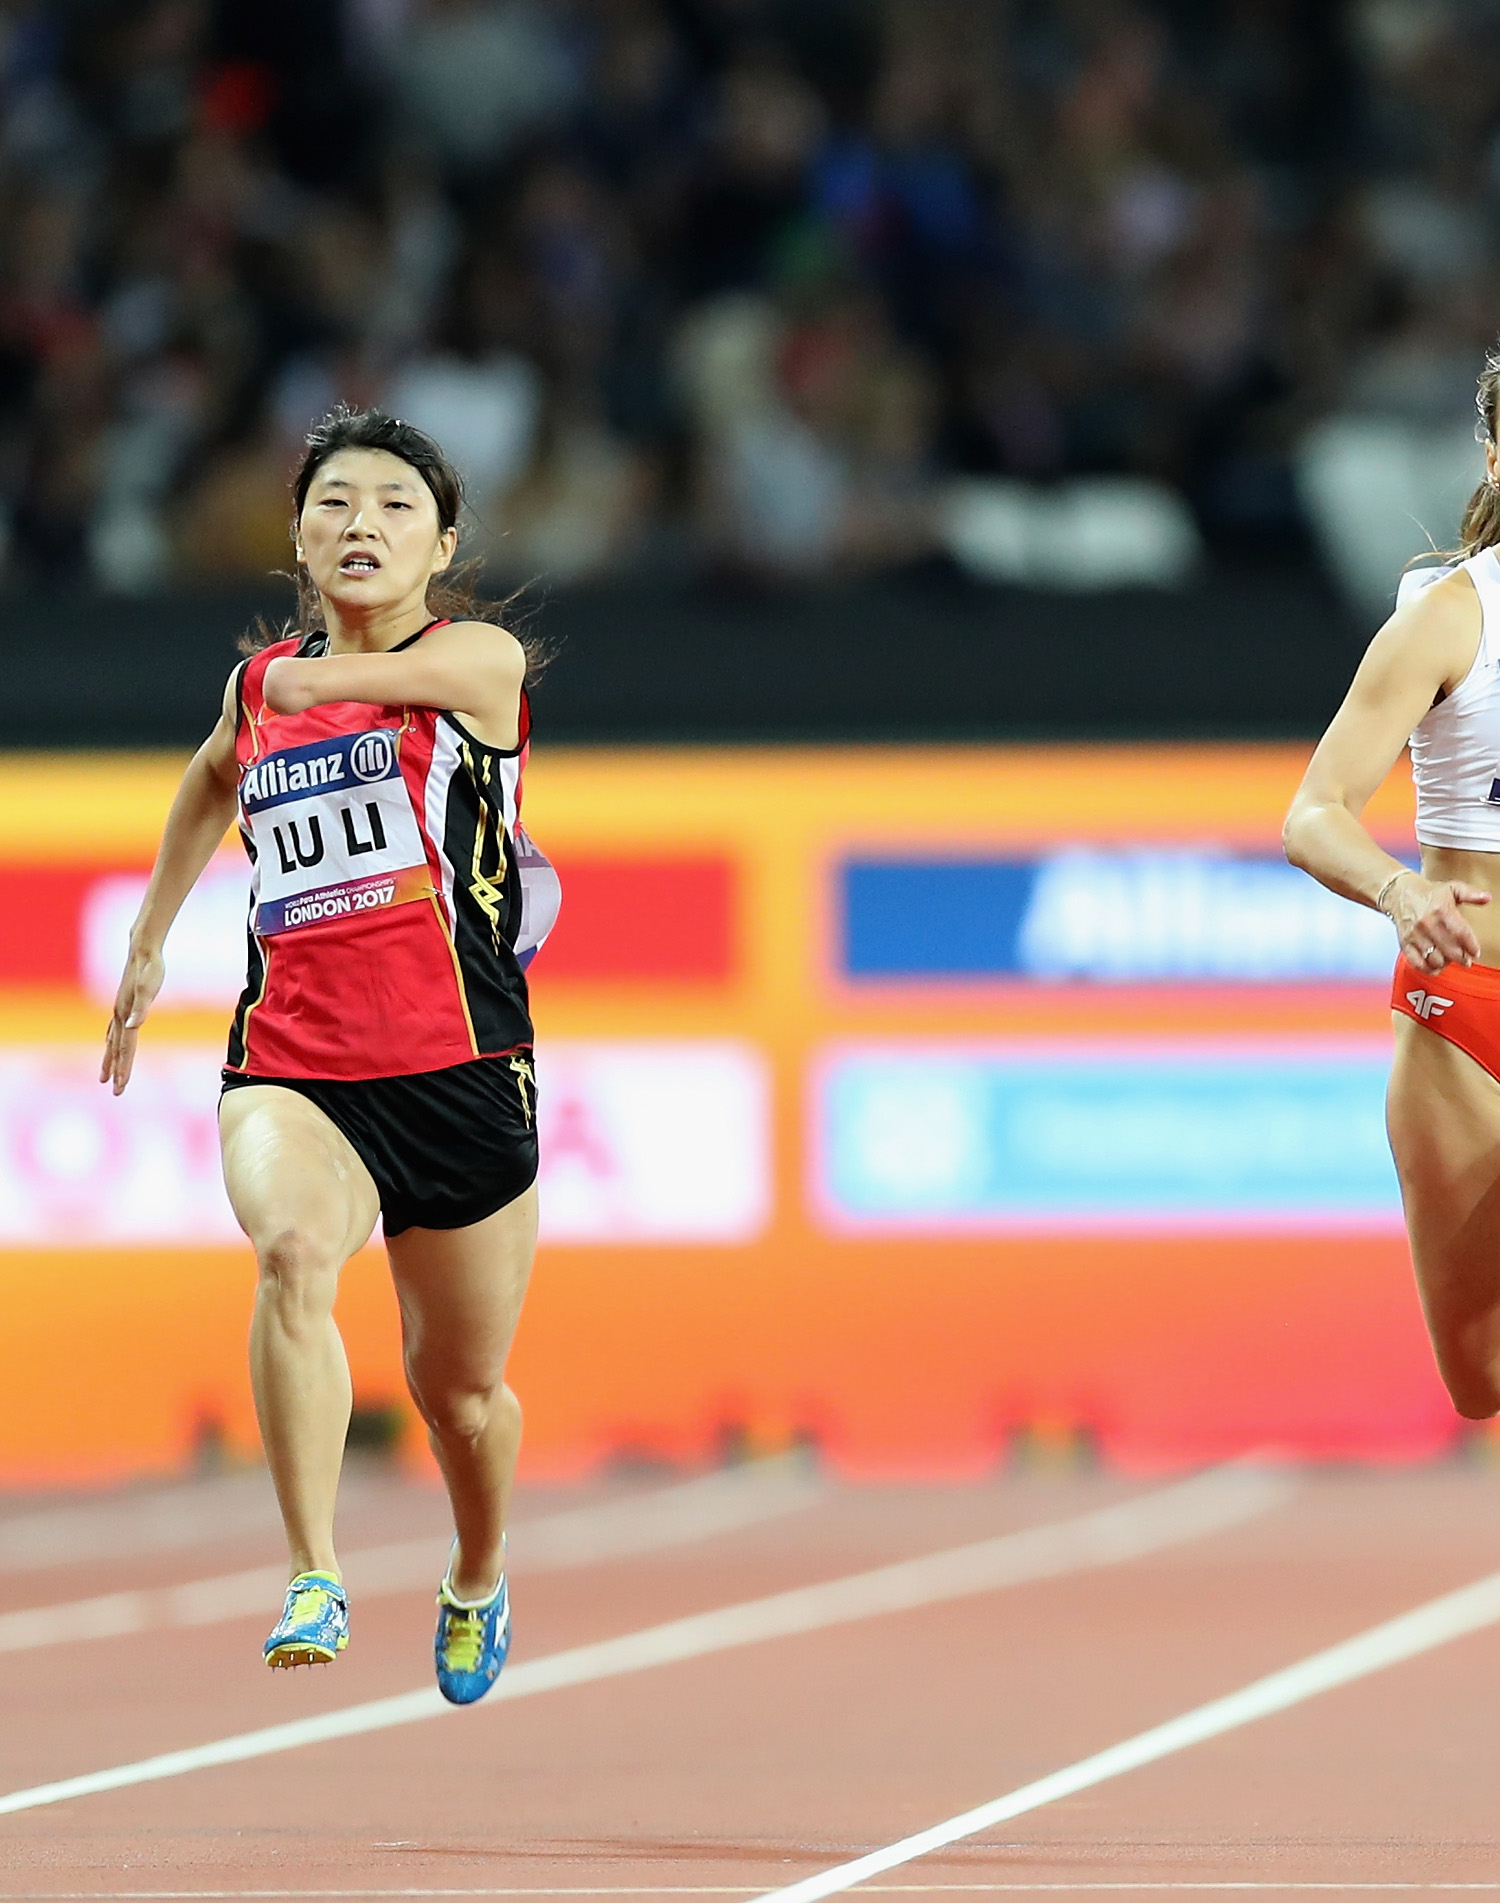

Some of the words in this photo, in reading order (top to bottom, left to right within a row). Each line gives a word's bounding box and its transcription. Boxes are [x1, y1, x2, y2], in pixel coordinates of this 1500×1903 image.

[244, 753, 345, 804] Allianz
[273, 815, 324, 874] LU
[341, 802, 387, 857] LI
[285, 895, 352, 927] LONDON
[352, 885, 395, 910] 2017
[300, 896, 314, 905] Para
[315, 888, 345, 901] Athletics
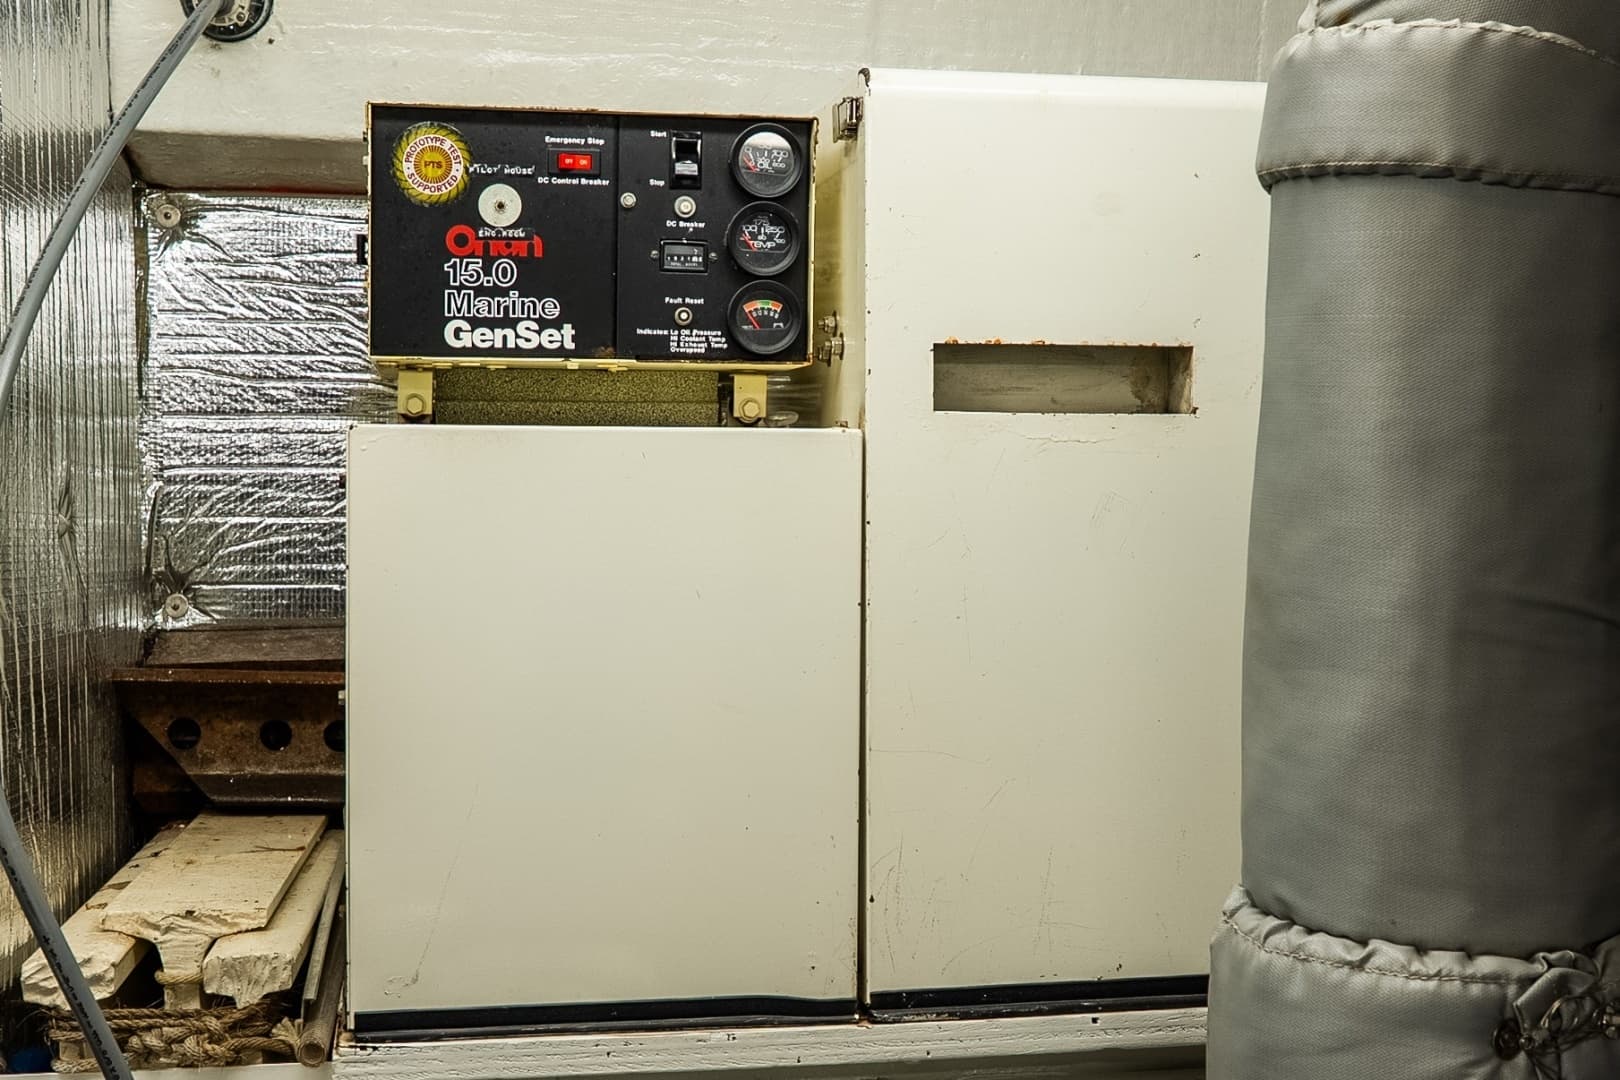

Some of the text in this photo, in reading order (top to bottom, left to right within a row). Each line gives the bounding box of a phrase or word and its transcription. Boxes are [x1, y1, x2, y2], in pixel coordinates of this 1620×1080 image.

[650, 130, 667, 138] Start
[544, 135, 605, 146] Emergency Stop
[404, 136, 462, 165] PROTOTYPE TEST
[424, 160, 444, 169] PTS
[407, 172, 459, 193] SUPPORTED
[537, 176, 610, 186] DC Control Breaker
[649, 178, 665, 187] Stop
[666, 219, 706, 229] DC Breaker
[444, 258, 517, 287] 15.0
[444, 289, 561, 319] Marine
[664, 296, 705, 305] Fault Reset
[443, 319, 576, 350] GenSet
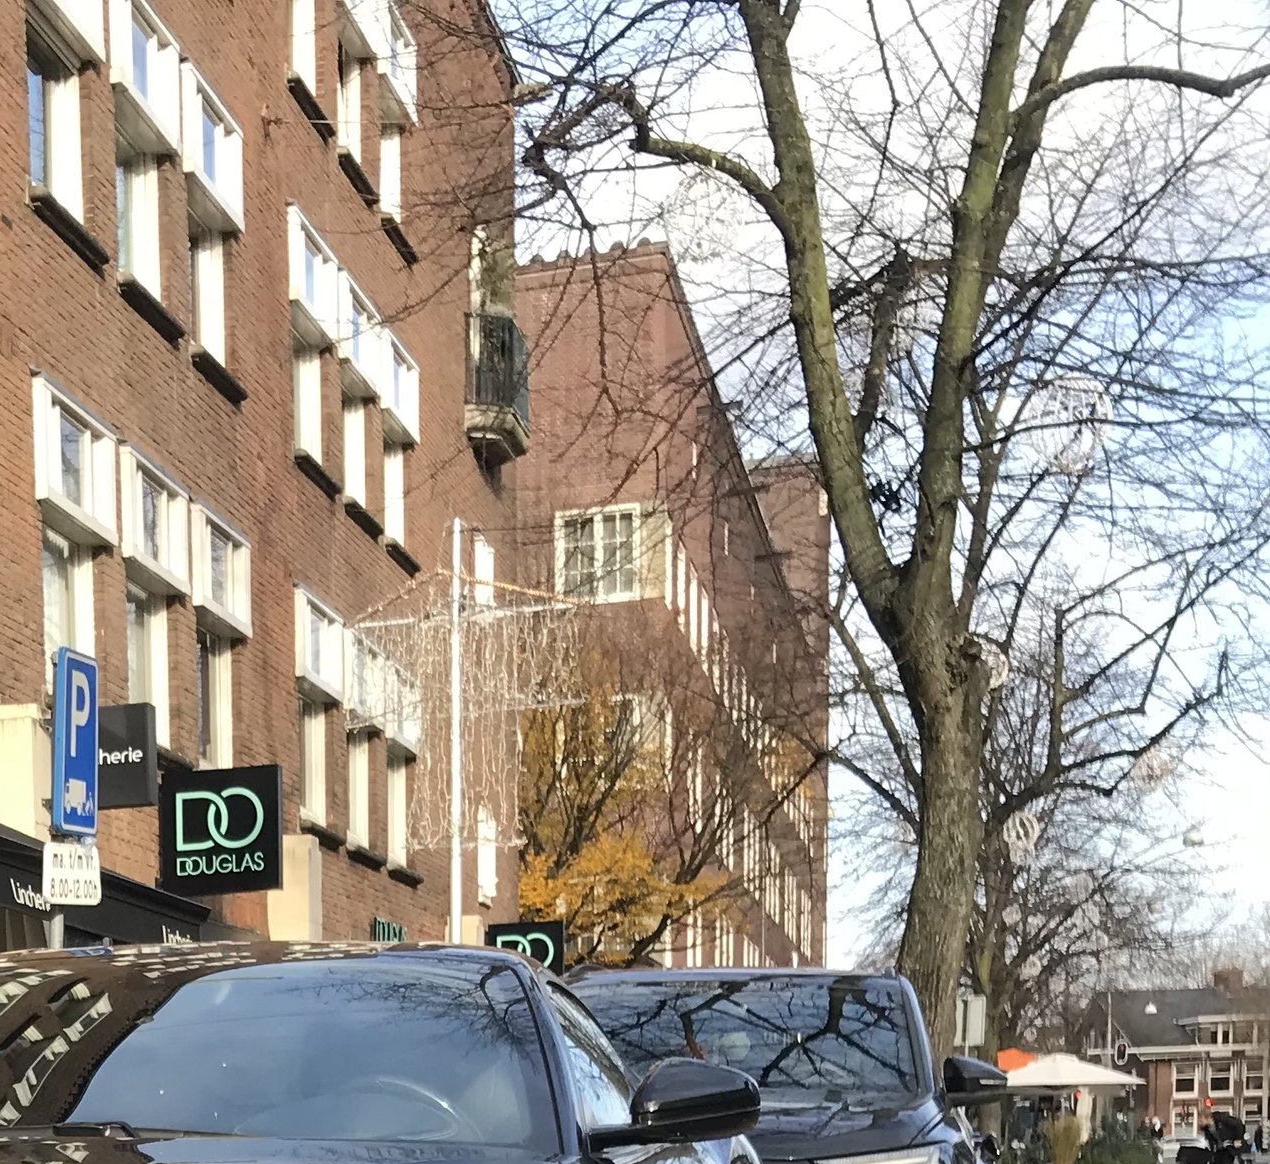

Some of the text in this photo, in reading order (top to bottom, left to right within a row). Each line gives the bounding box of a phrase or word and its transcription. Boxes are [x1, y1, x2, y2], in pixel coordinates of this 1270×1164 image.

[70, 670, 91, 758] P
[98, 747, 143, 765] herie
[176, 852, 265, 876] DOUGLAS

#####

What you return must match, line for line, the span from the line containing "this 1620×1080 image." through the last line of the listing above, with every picture omitted.

ANSWER AREA -
Some of the text in this photo, in reading order (top to bottom, left to right within a row). Each line gives the bounding box of a phrase or word and its transcription. Boxes are [x1, y1, x2, y2], in pixel coordinates of this 1620×1080 image.

[650, 130, 667, 138] Start
[544, 135, 605, 146] Emergency Stop
[404, 136, 462, 165] PROTOTYPE TEST
[424, 160, 444, 169] PTS
[407, 172, 459, 193] SUPPORTED
[537, 176, 610, 186] DC Control Breaker
[649, 178, 665, 187] Stop
[666, 219, 706, 229] DC Breaker
[444, 258, 517, 287] 15.0
[444, 289, 561, 319] Marine
[664, 296, 705, 305] Fault Reset
[443, 319, 576, 350] GenSet

Some of the text in this photo, in reading order (top to bottom, left to right within a row). Each line gives the bounding box of a phrase or word and its transcription. Boxes are [x1, y1, x2, y2], in pixel coordinates of this 1270×1164 image.

[70, 670, 91, 758] P
[98, 747, 143, 765] herie
[176, 852, 265, 876] DOUGLAS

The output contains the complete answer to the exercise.